I’ve not said much about our church sanctuary and setup, so I thought I’d give my friends a little peek at how I spend my wednesday nights and sunday mornings.
This is the rig I’m using on the platform these days. It’s a tiny little Vox 15R amp (solid state) and a small collection of pedals (mostly borrowed). We find it best if we use very small, low-power amps and mic them through the front-of-house system. It gives more flexibility to the sound man (Fred) and keeps the platform a little quieter. Most of us are now low-wattage, small-footprint amp users.
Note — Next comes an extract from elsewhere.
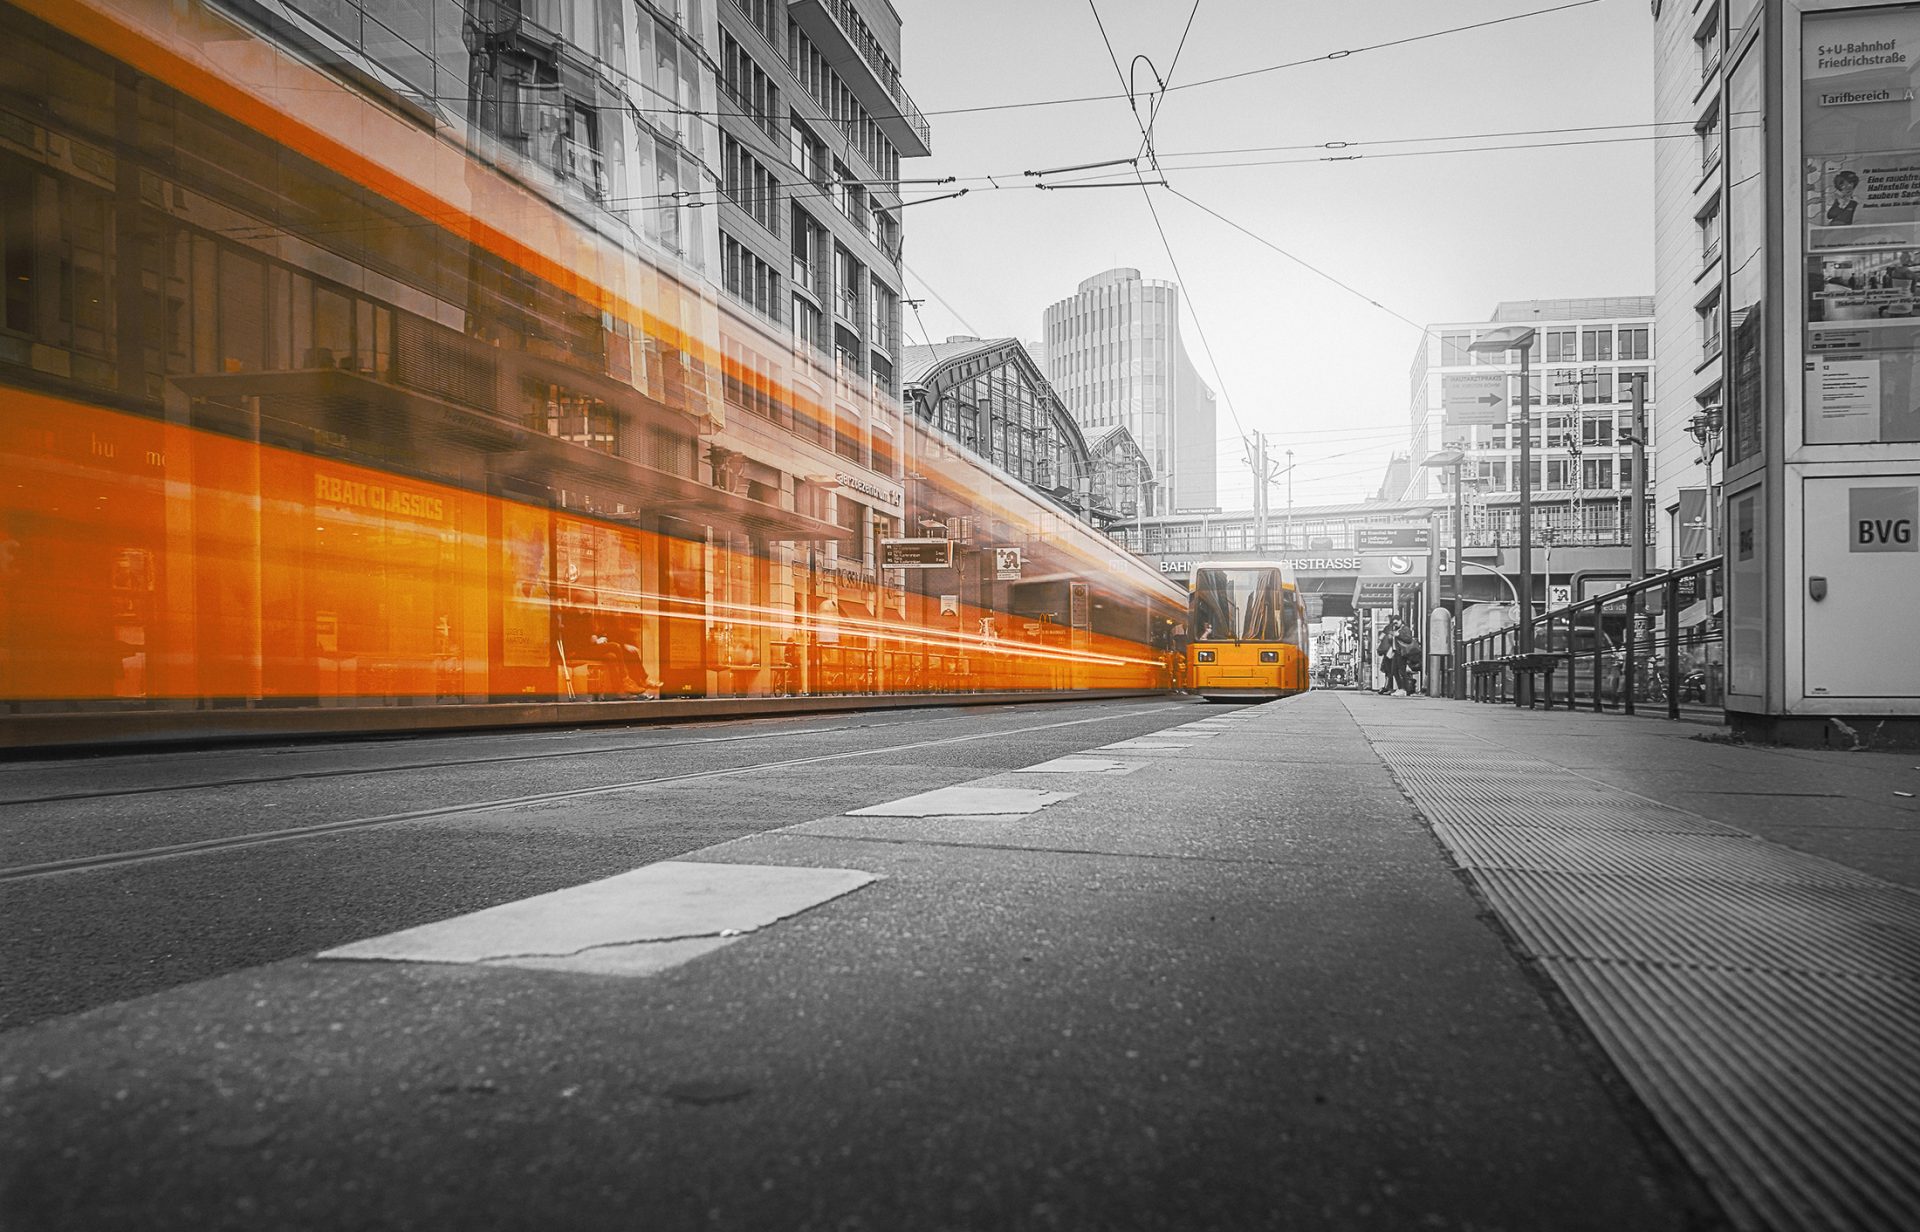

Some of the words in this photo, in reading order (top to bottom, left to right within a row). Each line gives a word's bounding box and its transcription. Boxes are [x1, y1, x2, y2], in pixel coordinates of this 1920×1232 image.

The amp is on a stand, pointed mostly at the ceiling to help control reverb and loundness on the platform. The mic is really not a guitar mic, but does a good-enough job. The goose-neck stand is tall enough to bring the mic a few inches above the speaker, and I tend to keep it a bit off-center. In the photo it’s facing up, not the normal arrangement.
My signal path is kind of backward, which is to say I run it right-to-left. Leftmost is my compressor, followed by Danny’s TS5 overdrive, my SmashBox distortion, Phil’s delay, and Phil’s chorus pedal. Sometimes I borrow Phil’s wah pedal too. This is not ideal, but better than being short on any of these. I switch guitars too much, because the effects have to be reset for differences in the pickups. If I owned them all, I’d mark them with different color sharpies for single-coil and double-coil pickups.
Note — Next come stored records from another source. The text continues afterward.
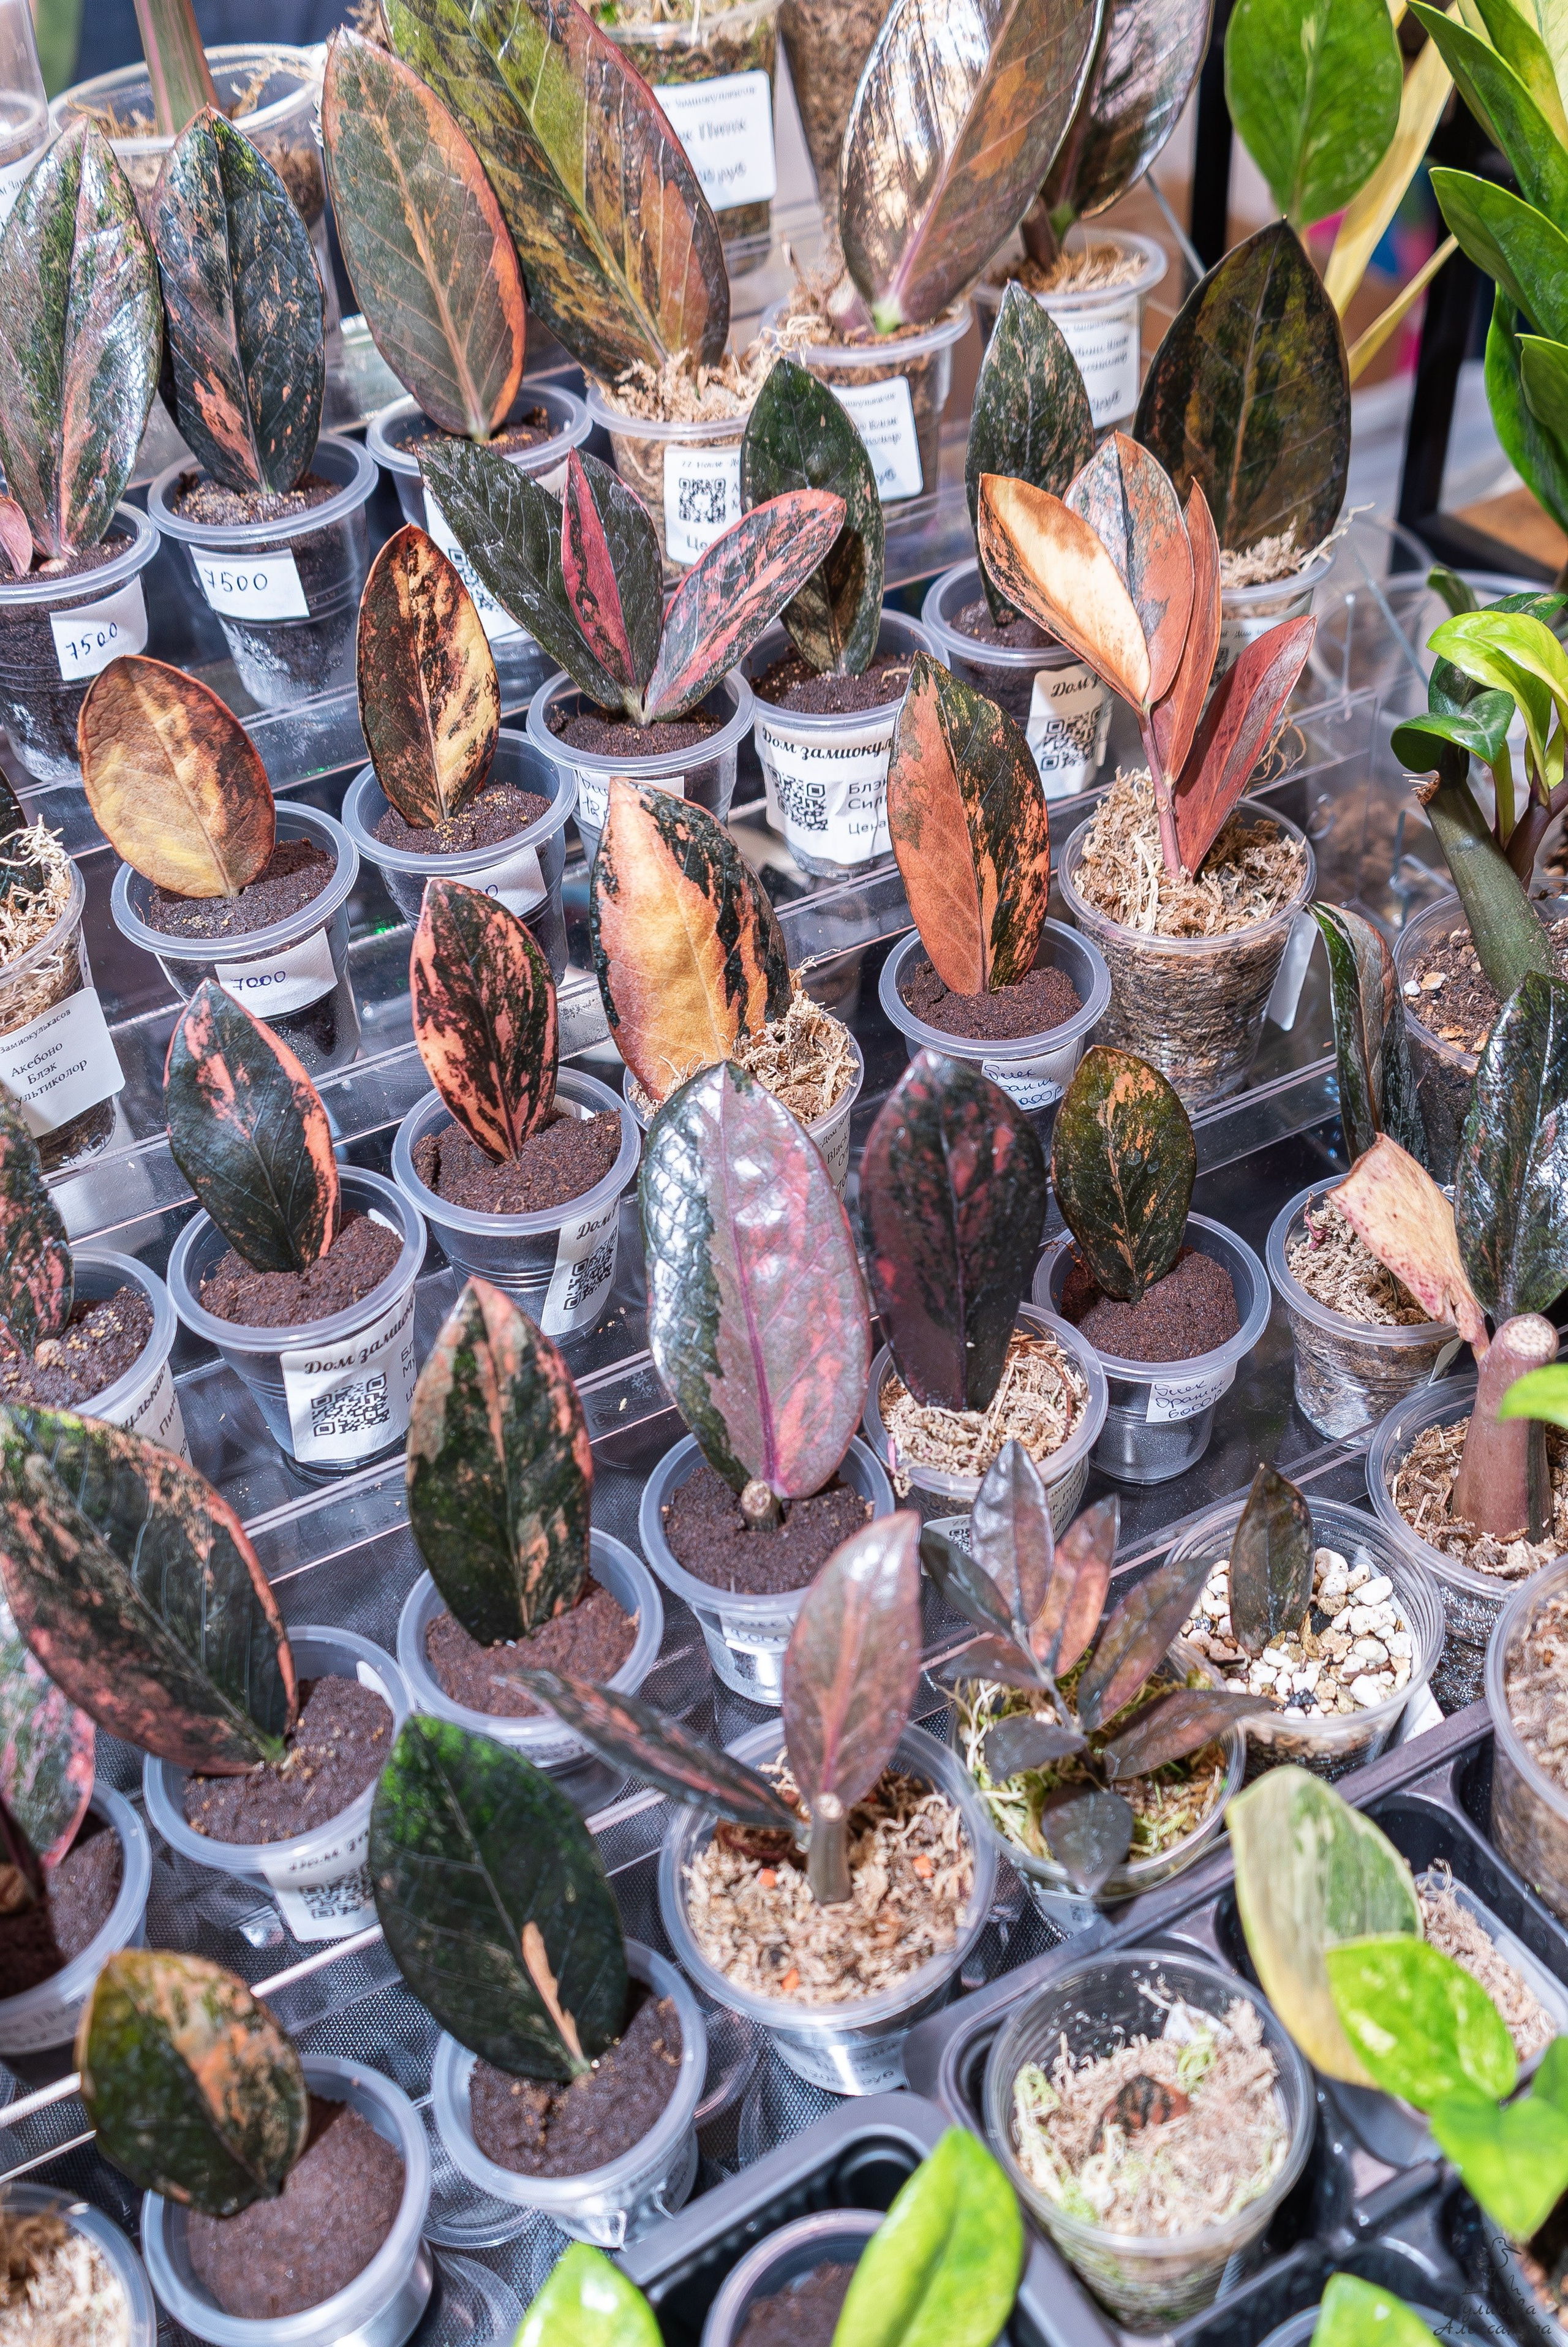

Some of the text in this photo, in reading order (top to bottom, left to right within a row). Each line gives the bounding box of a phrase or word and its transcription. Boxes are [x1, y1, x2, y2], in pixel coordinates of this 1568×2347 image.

[204, 568, 268, 592] 7500
[65, 622, 117, 660] 7500
[1050, 677, 1088, 698] Дом
[230, 971, 286, 990] 7000
[0, 1009, 71, 1054] Замиокулькасов
[11, 1042, 63, 1078] Акебоно
[27, 1061, 58, 1085] Блэк
[576, 1213, 611, 1240] Дом
[304, 1354, 355, 1374] Дом
I played my strat this week. You can see it sitting on the platform by Danny’s Martin. I was late to practice because of really slow traffic (10 mph under the speed limit) almost all the way from Antioch to Mundelein, and barely had time to tune and set levels. I didn’t have the effects set the way I would have liked, but the service doesn’t really depend on me being dialed in just right.
Hanging off the top of my guitar is a little tuner, one of those that senses the vibrations in the wood, so I can turn the volume off and tune nearly-silently. Really handy little device. I recommend them.
This is a pretty light rig, and will be quicker to set up when I use my own pedals and can use a pedal board. As long as I’m borrowing, I shouldn’t velcro-tape and mount other people’s stuff.
Finally you can see the sanctuary from “my” side. Toward the back, my rig is leftmost, then Danny’s acoustic rig, Jeff’s drum cage, and the bass rig (Tyler this week, he and John rotate). You can see Phil’s boom mic on the forward far right, but you can’t see his guitar or amp. He’s our fearless leader. Arrayed across the front are mics and music stands for the rest of the praise team. Outside the platform are some “names of Christ” banners. In the foreground is a really nice couple of people.
The platform may be cluttered by musical equipment, but the name of Christ and the good people are our real assets. The rest is just window dressing.